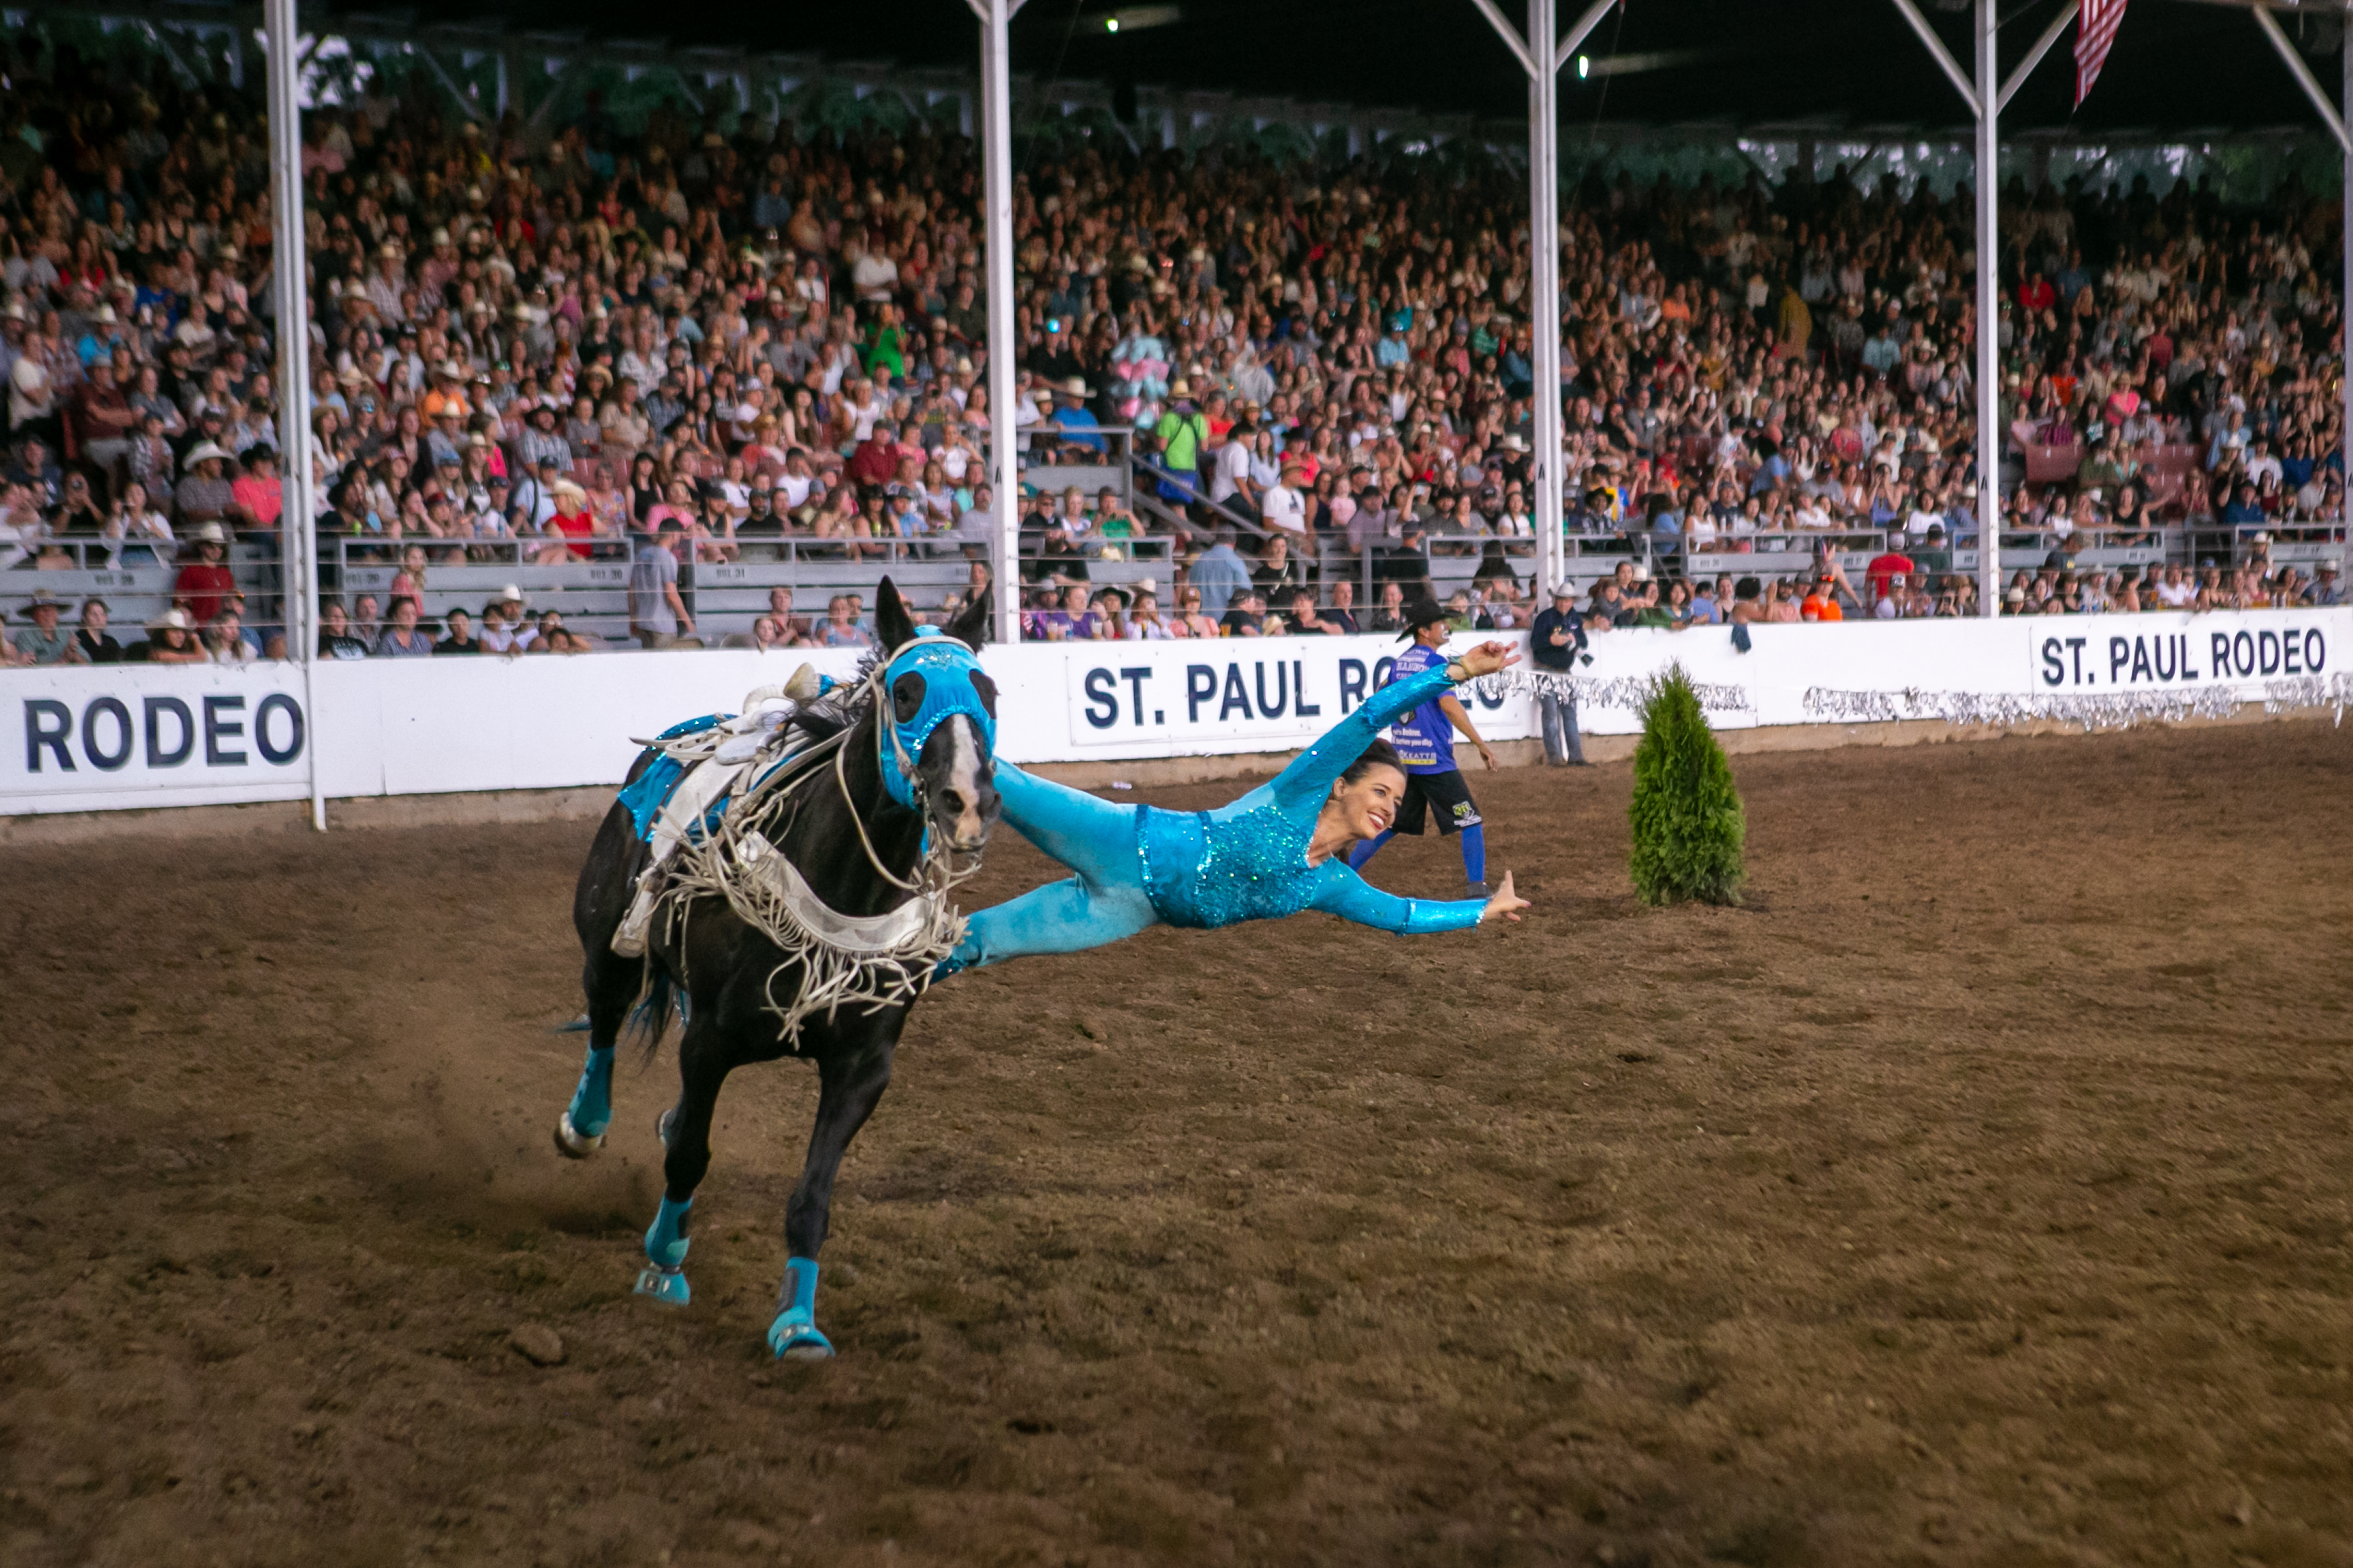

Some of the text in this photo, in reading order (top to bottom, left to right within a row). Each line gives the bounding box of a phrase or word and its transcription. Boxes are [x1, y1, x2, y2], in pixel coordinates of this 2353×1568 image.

[2042, 627, 2326, 687] ST. PAUL RODEO
[1084, 667, 1165, 730] ST.
[1187, 659, 1321, 724] PAUL
[23, 693, 304, 774] RODEO

*What this task involves*. Please write out all of the material above without changing a word, and omit any pictures.

*Output*.
Some of the text in this photo, in reading order (top to bottom, left to right within a row). Each line gives the bounding box of a phrase or word and its transcription. Boxes are [x1, y1, x2, y2], in pixel coordinates of this 2353×1568 image.

[2042, 627, 2326, 687] ST. PAUL RODEO
[1084, 667, 1165, 730] ST.
[1187, 659, 1321, 724] PAUL
[23, 693, 304, 774] RODEO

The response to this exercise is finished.